Treatment-emergent substitutions were evaluated among subjects in clinical trials EPIC-HR/SR with sequence data available at both baseline and post-baseline visits (n=907 PAXLOVID-treated subjects, n=946 placebo-treated subjects). SARS-CoV-2 Mpro amino acid changes were classified as PAXLOVID treatment-emergent substitutions if they occurred at the same amino acid position in 3 or more PAXLOVID-treated subjects and were ≥2.5-fold more common in PAXLOVID-treated subjects than placebo-treated subjects. The following PAXLOVID treatment-emergent Mpro substitutions were observed: T98I/R/del(n=4), E166V (n=3), and W207L/R/del (n=4). In biochemical assays, the T98I and W207L/R substitutions did not affect nirmatrelvir activity (Ki value fold changes were 0.3 and 0.7/0.3, respectively), whereas the E166V substitution (which occurs at a Mpro-nirmatrelvir contact residue) reduced nirmatrelvir activity 187-7,700-fold. Within the Mpro cleavage sites, the following PAXLOVID treatment-emergent substitutions were observed: A5328S/V(n=7) and S6799A/P/Y (n=4). These cleavage site substitutions were not associated with the co-occurrence of any specific Mpro substitutions. In a cell culture replicon assay, the A5328S/V and S6799A substitutions did not affect nirmatrelvir activity (EC50 value fold changes were 0.3/0.2 and 0.7, respectively).

None of the treatment-emergent substitutions listed above in Mpro or Mpro cleavage sites occurred in PAXLOVID-treated subjects who experienced hospitalization. Thus, the clinical significance of these substitutions is unknown.

Viral RNA Rebound and Treatment-Emergent Substitutions

EPIC-HR and EPIC-SR were not designed to evaluate COVID-19 rebound; exploratory analyses were conducted to assess the relationship between PAXLOVID use and rebound in viral RNA shedding levels.

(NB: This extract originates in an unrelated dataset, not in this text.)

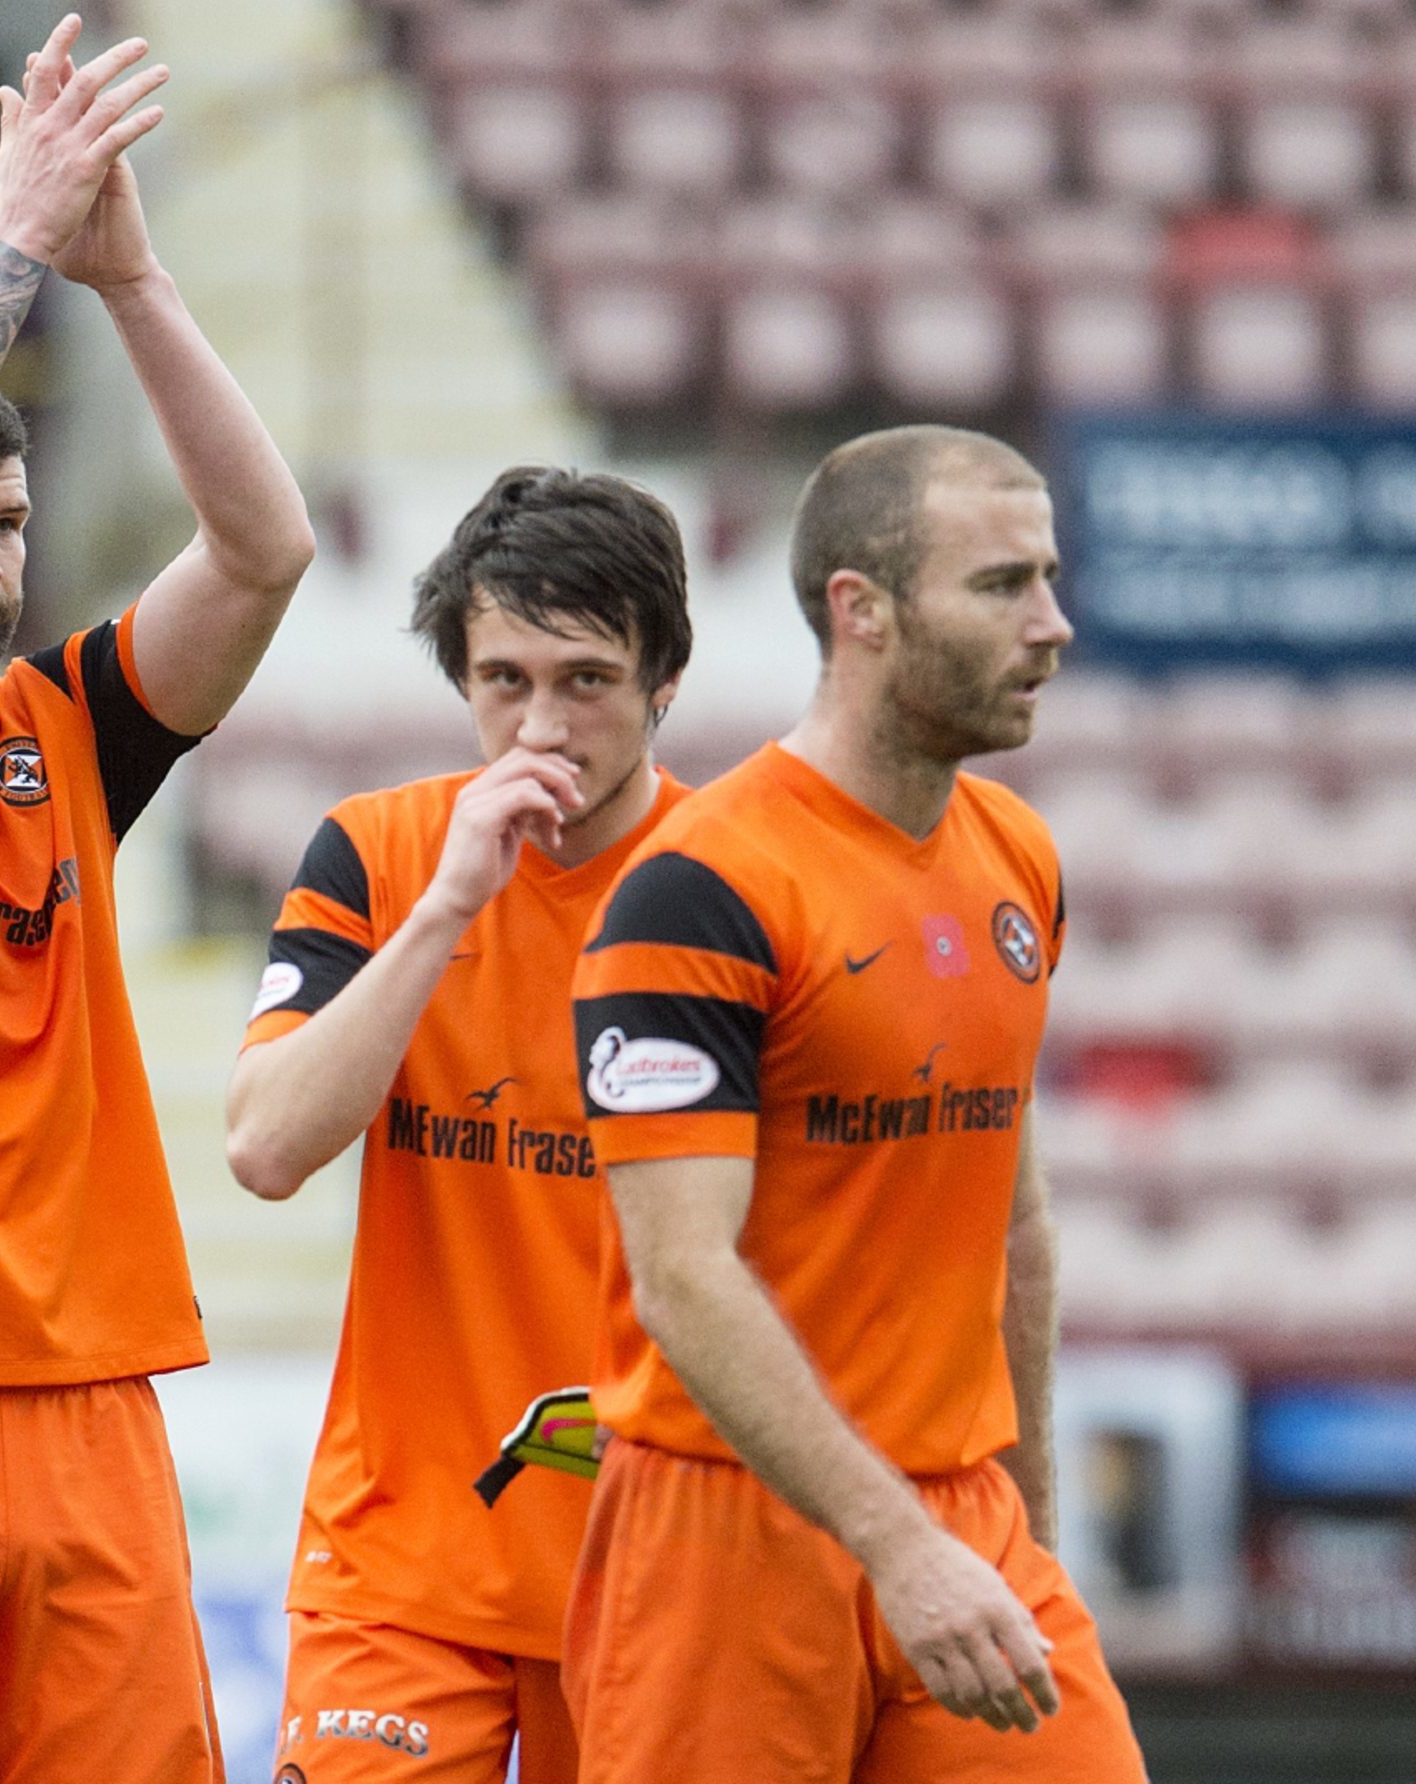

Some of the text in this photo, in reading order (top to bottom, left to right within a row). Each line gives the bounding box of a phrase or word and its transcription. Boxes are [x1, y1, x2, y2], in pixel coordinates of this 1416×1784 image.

[388, 1097, 597, 1178] MEwan Frase
[315, 1708, 431, 1759] KEGS
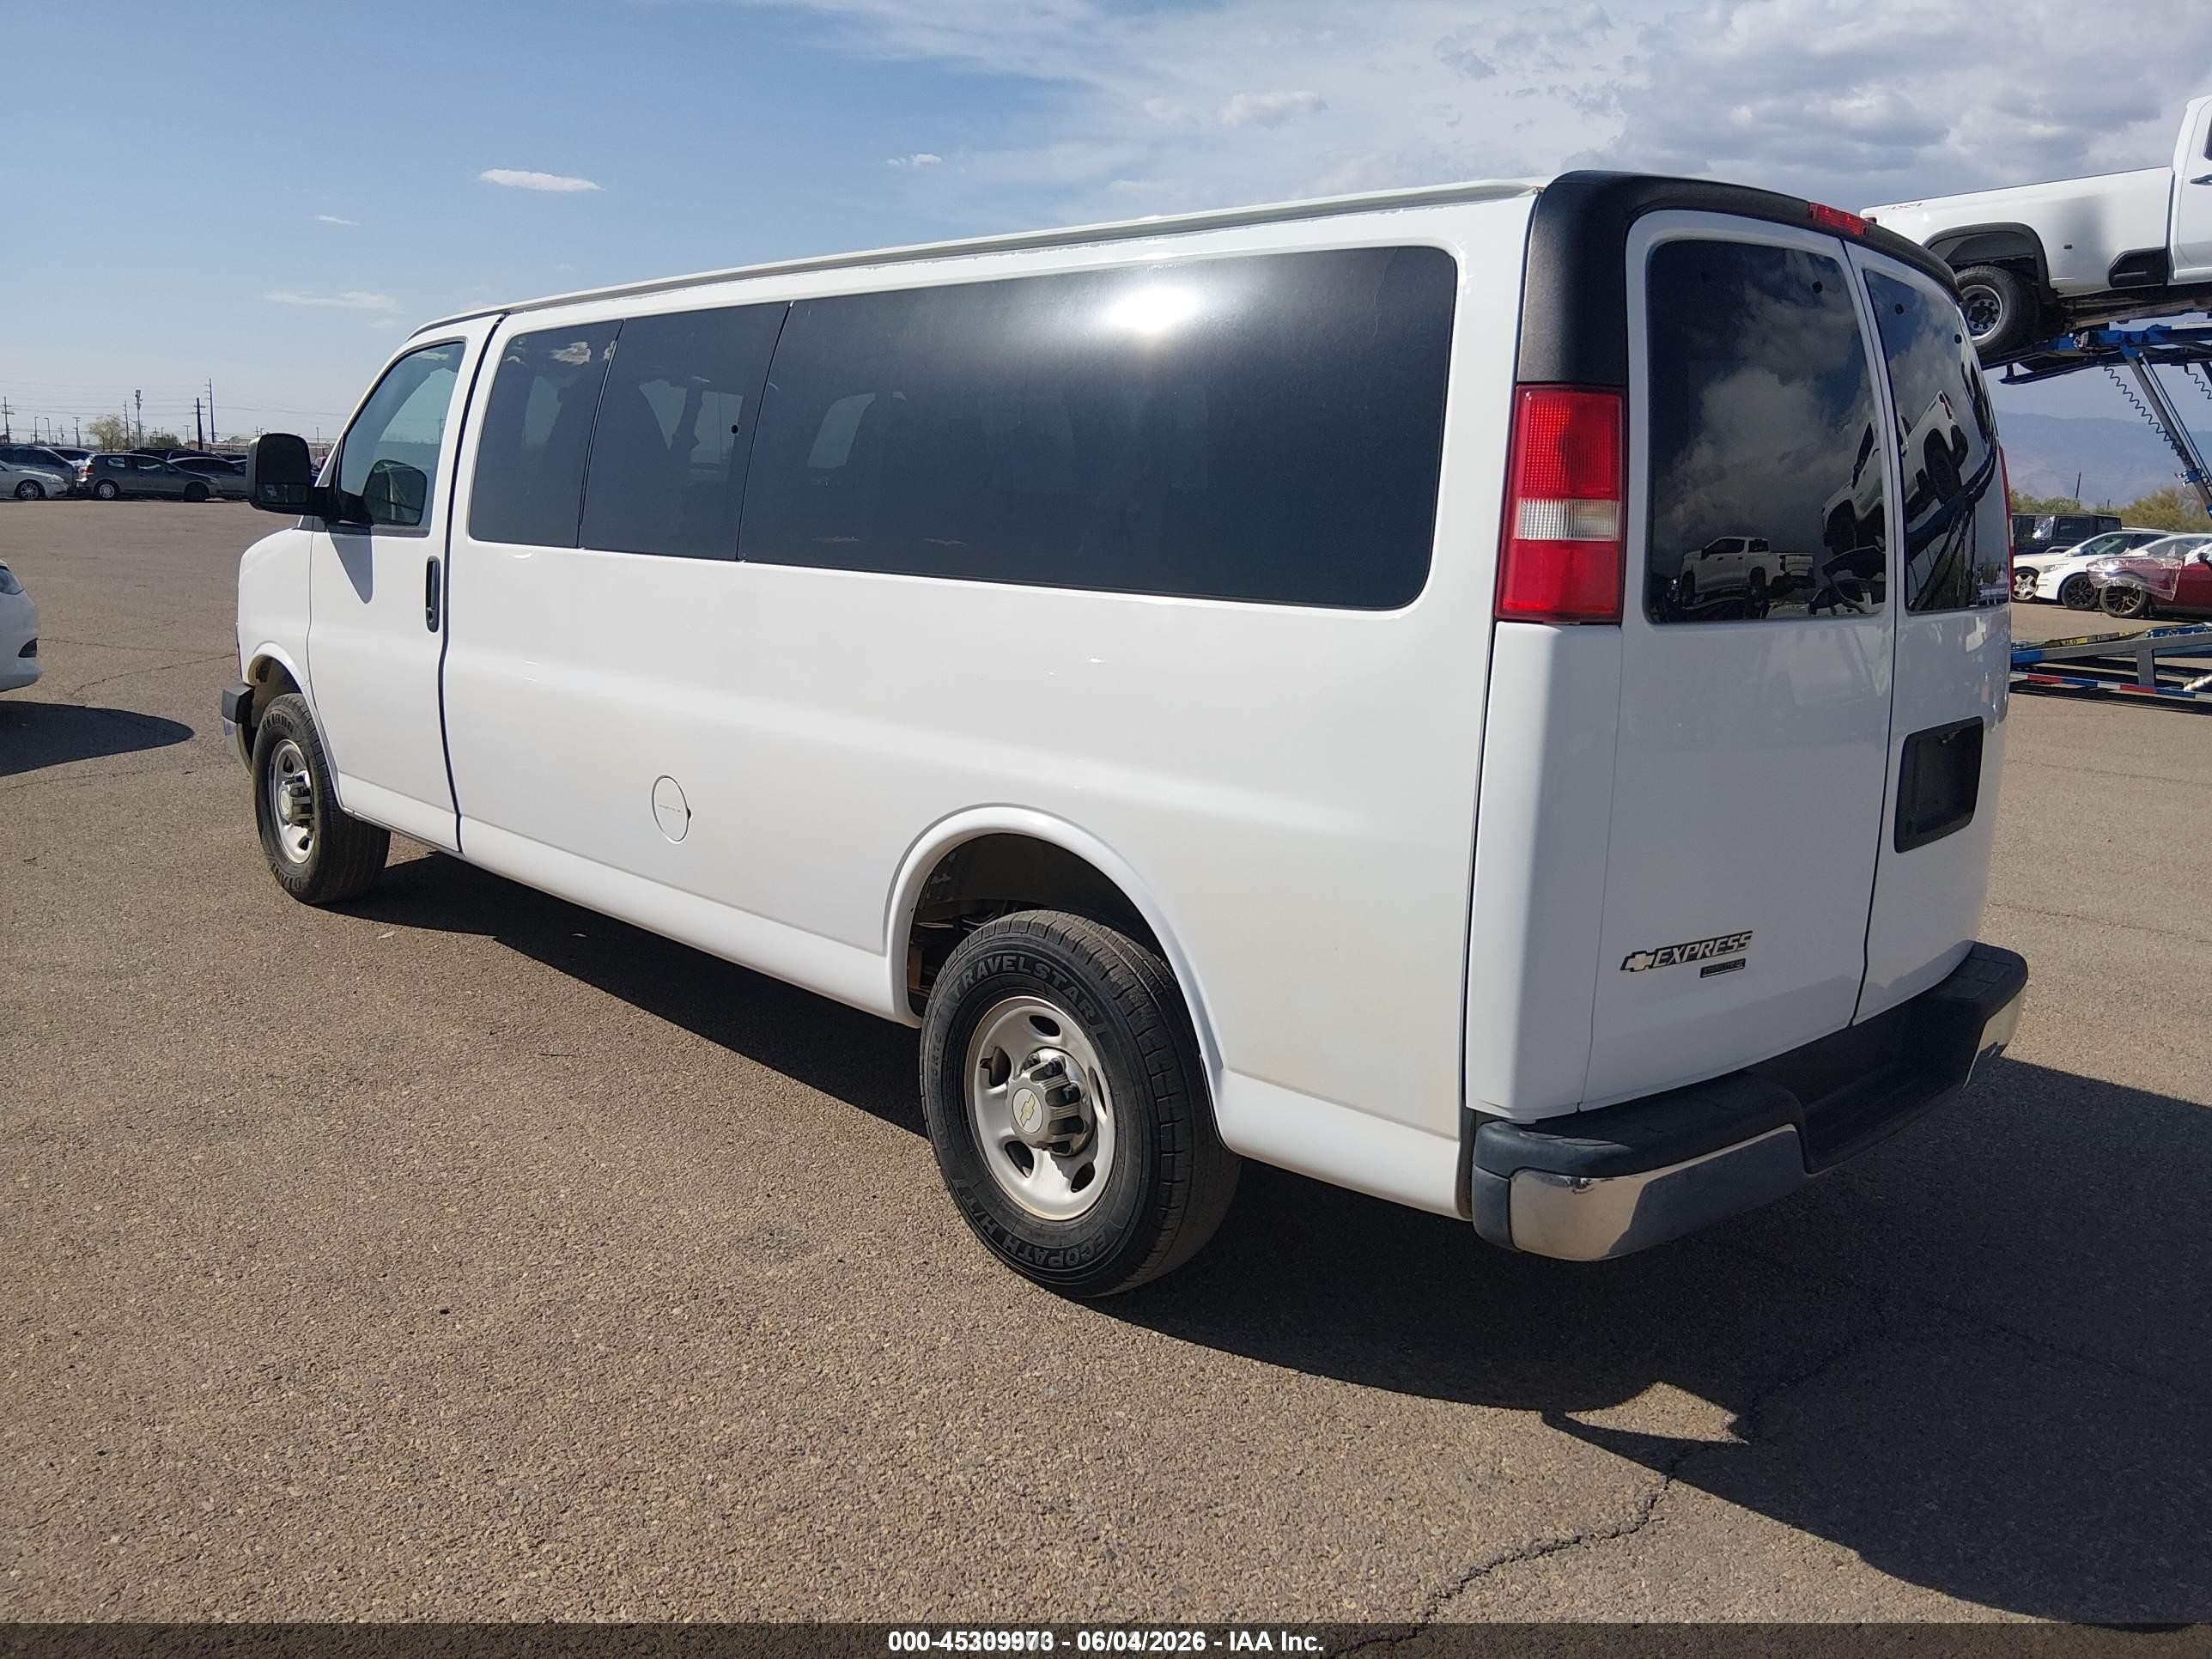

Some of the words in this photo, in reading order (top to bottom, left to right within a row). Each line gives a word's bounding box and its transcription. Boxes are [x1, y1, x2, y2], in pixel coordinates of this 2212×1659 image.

Post-treatment increases in SARS-CoV-2 RNA shedding levels in nasopharyngeal samples were observed on Day 10 and/or Day 14 in a subset of PAXLOVID and placebo recipients in EPIC-HR and EPIC-SR, irrespective of COVID-19 symptoms. The frequency of detection of post-treatment viral RNA rebound varied according to analysis parameters, but was generally similar among PAXLOVID and placebo recipients. A similar or smaller percentage of placebo recipients compared to PAXLOVID recipients had nasopharyngeal viral RNA results < lower limit of quantitation (LLOQ) at all study timepoints in both the treatment and post-treatment periods.

In EPIC-HR, of 59 PAXLOVID-treated subjects identified with post-treatment viral RNA rebound and with available viral sequence data, treatment-emergent substitutions in Mpro potentially reducing nirmatrelvir activity were detected in 2 (3%) subjects, including E166V in 1 subject and T304I in 1 subject. Both subjects had viral RNA shedding levels <LLOQ by Day 14.

Post-treatment viral RNA rebound was not associated with the primary clinical outcome of COVID-19 related hospitalization or death from any cause through Day 28 following the single 5-day course of PAXLOVID treatment. The clinical relevance of post-treatment increases in viral RNA following PAXLOVID or placebo treatment is unknown.

Cross-Resistance

Cross-resistance is not expected between nirmatrelvir and remdesivir or any other anti-SARS-CoV-2 agents with different mechanisms of action (i.e., agents that are not Mpro inhibitors).